Les risques liés aux nanotechnologies ont été ajoutés à cet indicateur. Celui-ci est donc le résultat d’un mélange des genres. Par exemple, quel lien y a-t-il entre l’éventualité d’une guerre nucléaire et le réchauffement climatique ? Et que viennent faire les nanotechnologies ici ?
D’abord il est possible que l’humanité survive à une guerre nucléaire même si les dégâts pourraient être terribles. La guerre nucléaire n’est pas automatiquement l’origine d’une disparition de notre espèce. Ensuite le danger climatique pointé par le « clan Doomsday » est le C02. Sans revenir sur la controverse C02, n’y a-t-il pas d’autres dangers au moins aussi graves, comme l’érosion des terres cultivables, l’amoindrissement des ressources en eau potable, les conséquences d’un usage intensif de forceurs de croissance végétale ou de pesticides et autres molécules ? Aucune justification de ce choix n’est avancée par le clan. Le C02 est à la mode : en est-ce la raison ? Enfin où est-il démontré que les nanotechnologies représentent un danger massif et imminent pour l’humanité ? Ces scientifiques, prix Nobel compris, auraient été parmi ceux qui refusaient le train au XIXe siècle. A moins qu’ils ne se foutent ouvertement de nous.

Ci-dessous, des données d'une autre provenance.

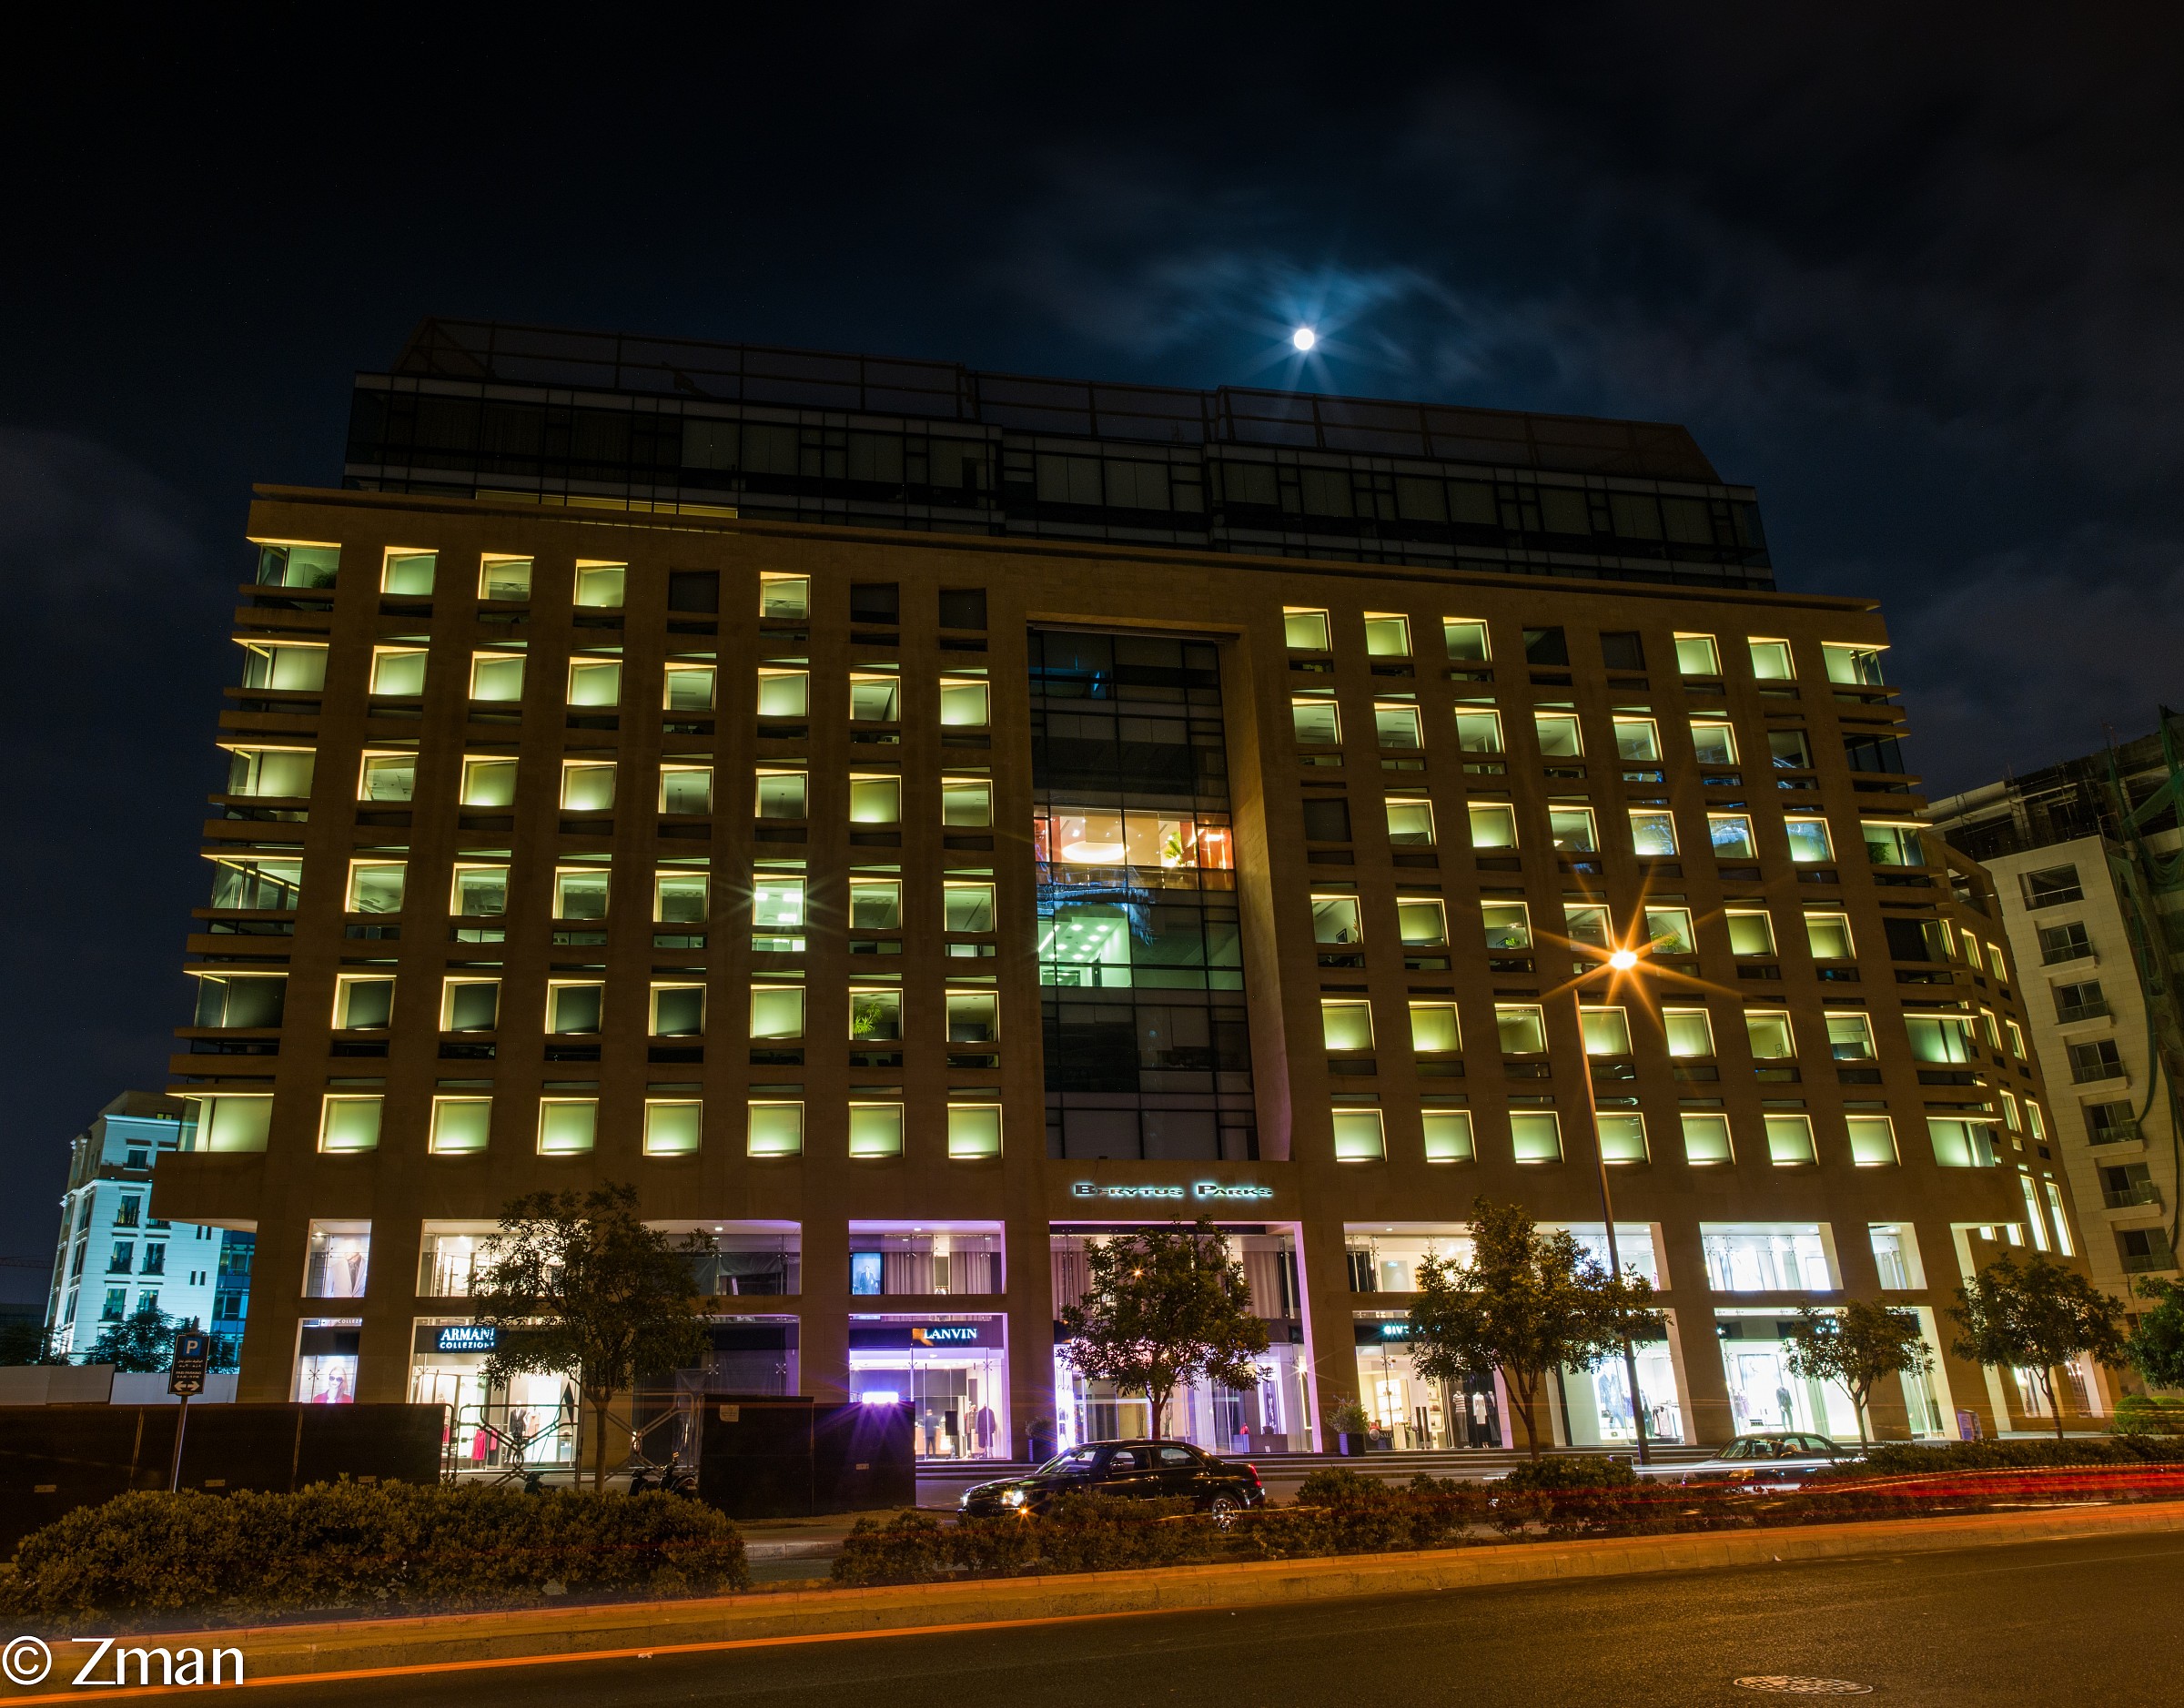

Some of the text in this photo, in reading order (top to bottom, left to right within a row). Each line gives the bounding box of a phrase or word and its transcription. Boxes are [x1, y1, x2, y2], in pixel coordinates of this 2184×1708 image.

[1075, 1184, 1272, 1195] BERYTUS PARKS
[924, 1329, 977, 1339] LANVIN
[186, 1340, 198, 1354] P

Comment peut-on associer dans la même échelle de mesure une guerre nucléaire, dont les effets sont immédiats et limités, et un changement climatique dont l’effet (s’il est négatif) se produira dans un ou plusieurs siècles ? Comme le souligne l’article du Matin citant le professeur Dominique Bourg (philosophe et professeur à la Faculté des géosciences et de l’environnement de l’Université de Lausanne : « L’horloge agrège dans un indicateur unique des phénomènes qui ne se déroulent pas à la même échelle et dont les conséquences peuvent être très différentes ».
Par ailleurs, la présentation du réchauffement comme une catastrophe éradiquante pour l’humanité n’est en rien démontré. J’ai déjà souligné ailleurs que les périodes plus chaudes ont été associées à la prospérité des groupes humains, et que le passé récent (depuis environ 3’000 ans) a été plus chaud qu’aujourd’hui. Enfin, il n'y a aucun repère de temps et de grandeur sur l'horloge pour évaluer la gravité d'une éventuelle catastrophe en regard du passé.
Pour qui ?
Le philosophe Pascal Bruckner a publié en 2011 Le fanatisme de l’Apocalypse. ADans une interview parue dans un journal papier, à la question : « L’idée même de cette horloge de la fin du monde vous paraît contestable ? » il répond : « Ce qui me frappe, c’est qu’elle usurpe le pouvoir qui était classiquement dévolu à Dieu ou aux dieux. Désormais, les hommes fixent eux-mêmes le moment de leur fin. On voit bien que le but de cette horloge est de placer un pistolet sur la tempe de l’humanité... (...) Tout cela repose sur une pensée religieuse, même si elle est mise en musique par des scientifiques. L’horloge réactive en particulier les vieilles terreurs chrétiennes du Jour ultime. Elle donne une image frappante, mais ce n’est rien d’autre qu’une mythologie.
Aujourd’hui la peur prime sur la raison et les thèmes apocalyptiques prolifèrent. Ils trouvent une résonance parce que notre histoire humaine est balisée régulièrement par ce thème. La punition divine, le Jugement dernier, le Déluge, etc, sont quelques-uns des visages que prend cette morbidité.
Celui ou celle qui veut croire en cette parodie scientifique, en cette nouvelle attitude de type religieux qui accompagne l’écologie, en la prophétisation de la fin du monde, est libre de le faire. Tout le monde peut croire les légendes urbaines.
Au fond, nous sommes des enfants : nous aimons nous faire peur. Mais pendant que nous nous cachons la tête sous l’oreiller médiatique, les décideurs mènent le monde à leur guise.